(ACTIVITY) For this exercise, write each entry below out precisely and omit the pictures.

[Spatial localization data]
# # # #
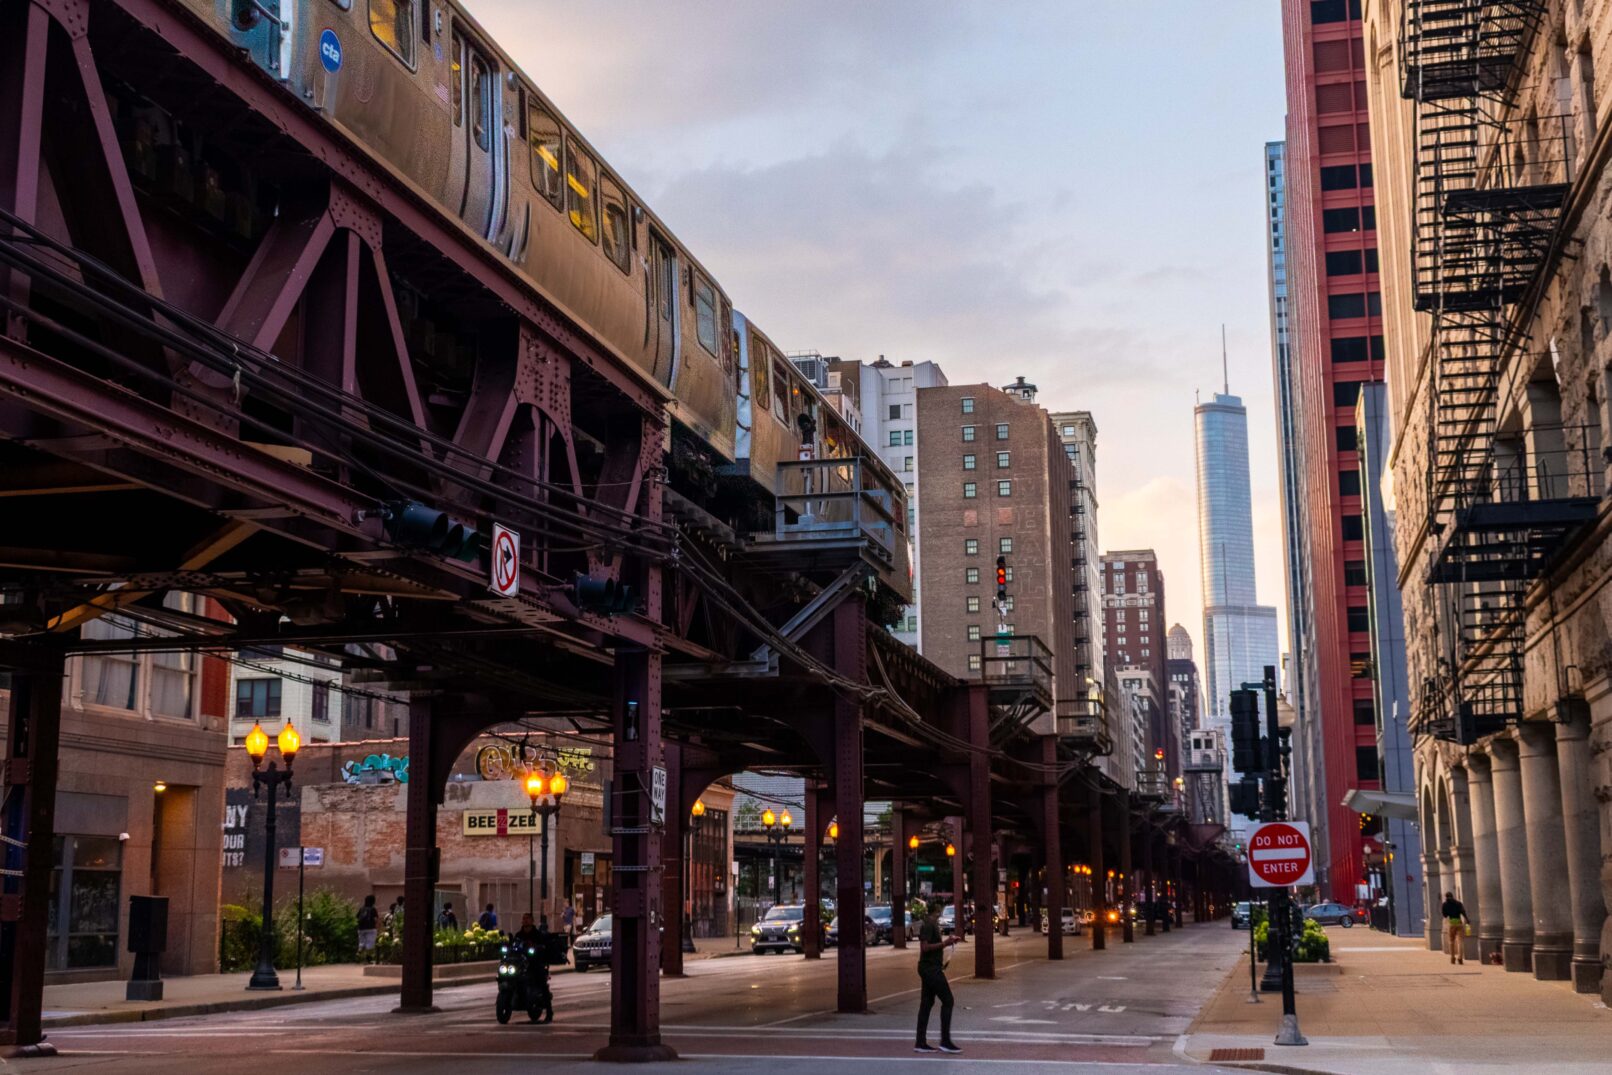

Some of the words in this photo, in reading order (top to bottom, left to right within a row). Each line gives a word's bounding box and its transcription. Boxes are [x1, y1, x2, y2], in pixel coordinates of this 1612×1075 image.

[322, 42, 340, 63] cta
[655, 771, 665, 786] ONE
[654, 786, 664, 800] WAY
[468, 816, 496, 828] BEE
[1256, 836, 1271, 846] DO
[1277, 834, 1299, 845] NOT
[1263, 862, 1298, 874] ENTER
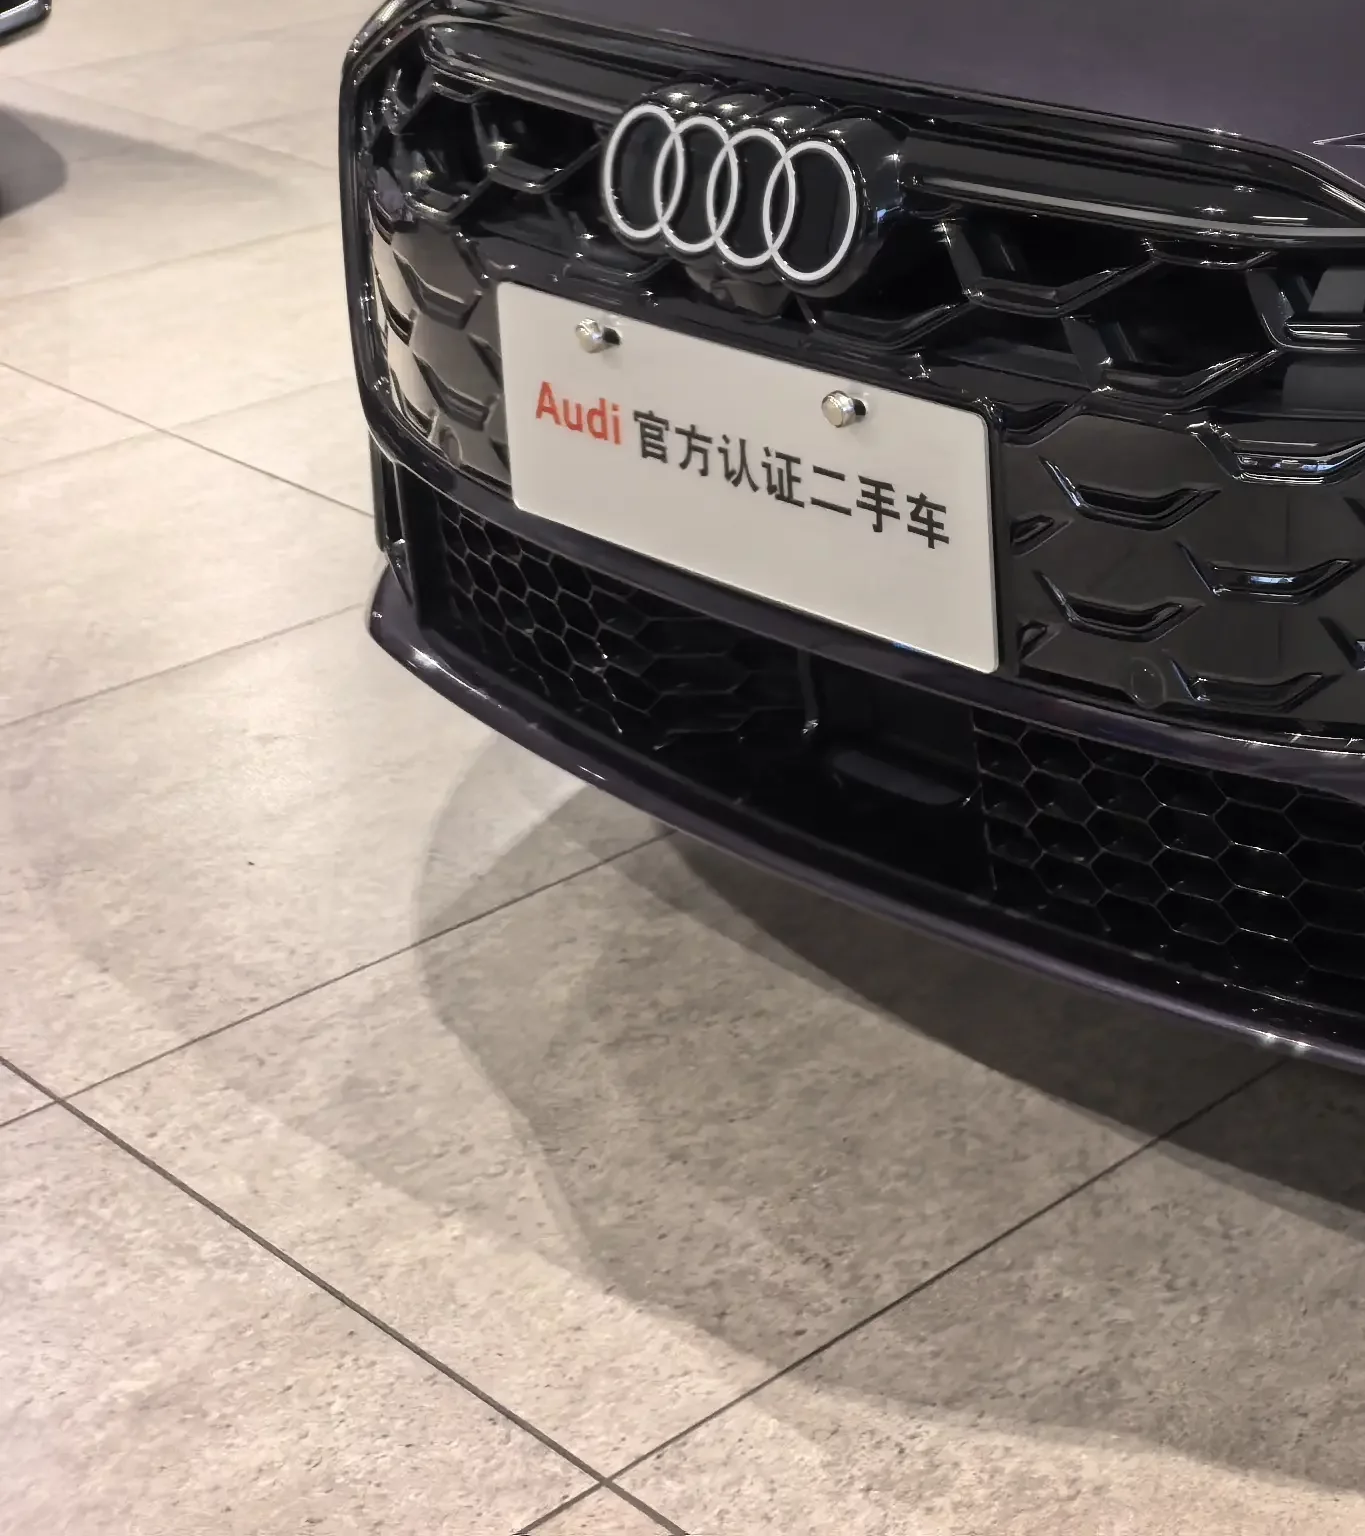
# # # #
(RESPONSE FOR THIS EXERCISE)
Some of the words in this photo, in reading order (top to bottom, left to right within a row). Each line gives a word's bounding box and its transcription. Boxes are [x1, y1, x2, y2], in pixel coordinates of this 1612×1075 image.

[322, 42, 340, 63] cta
[655, 771, 665, 786] ONE
[654, 786, 664, 800] WAY
[468, 816, 496, 828] BEE
[1256, 836, 1271, 846] DO
[1277, 834, 1299, 845] NOT
[1263, 862, 1298, 874] ENTER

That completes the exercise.